To the moon
South Pole greenhouse model for growing freshies on other worlds
Posted March 4, 2011
The automated South Pole Station Food Growth Chamber offers comfort and nutrition for people living and working at the bottom of the world. It’s also proving to be a model for supporting off-world exploration as well.
The growth chamber, or greenhouse as the crew calls it, is a moist environment in the driest environment on Earth. It also serves as an intimate space for crewmembers to relax and meet among the aromatic plant life soon to be served at the dinner table.

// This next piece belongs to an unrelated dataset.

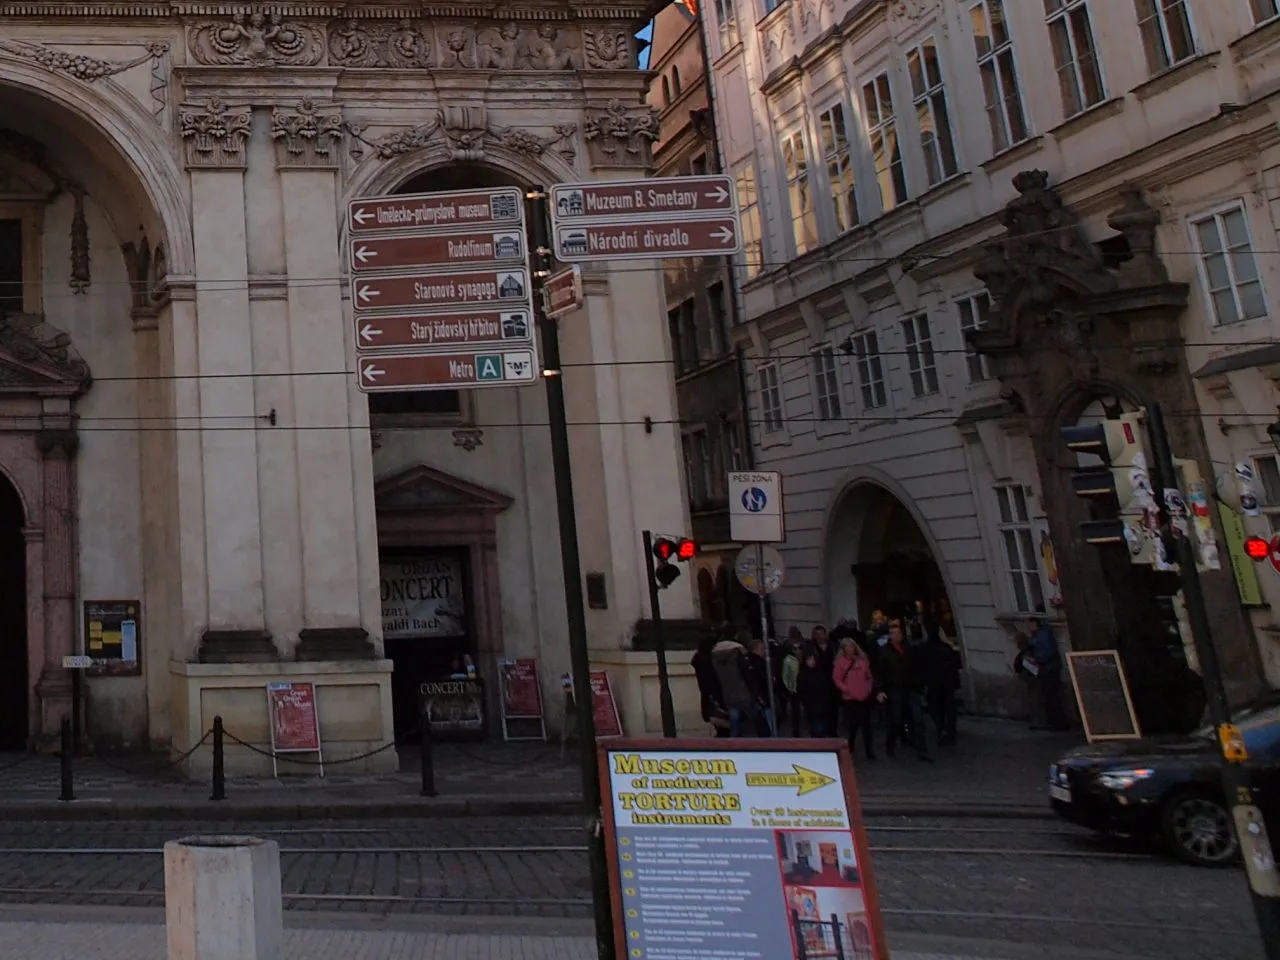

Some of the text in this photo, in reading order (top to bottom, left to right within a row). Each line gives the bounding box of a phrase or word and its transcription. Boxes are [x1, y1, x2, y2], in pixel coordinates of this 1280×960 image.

Population and station traffic peak during the short sunny summer at South Pole between October and February. During the long, dark winter, the sun is absent from the sky, and all the fresh vegetables the crew eats are grown in the 70-cubic-yard growth chamber.
Crops of lettuce, kale, cucumber, peppers, herbs, tomatoes, cantaloupes and edible flowers comprise many of the plants grown in the climate-controlled chamber. Because the importation of soil is restricted by the Antarctic Treaty , dirt is not used to grow the plants. In fact, the closest local dirt is nearly two miles beneath the ice on which the station sits. The plants are grown in a hydroponic nutrient solution instead — no dirt needed.
For that matter, no sunlight is needed either. The growth chamber, which was built in the winter of 2004, makes its own light via 13 water-cooled, high-pressure sodium lamps. In this bright environment, it is not uncommon to find people, like the plants, dwelling happily under the intense light produced in the chamber during the dark polar winter.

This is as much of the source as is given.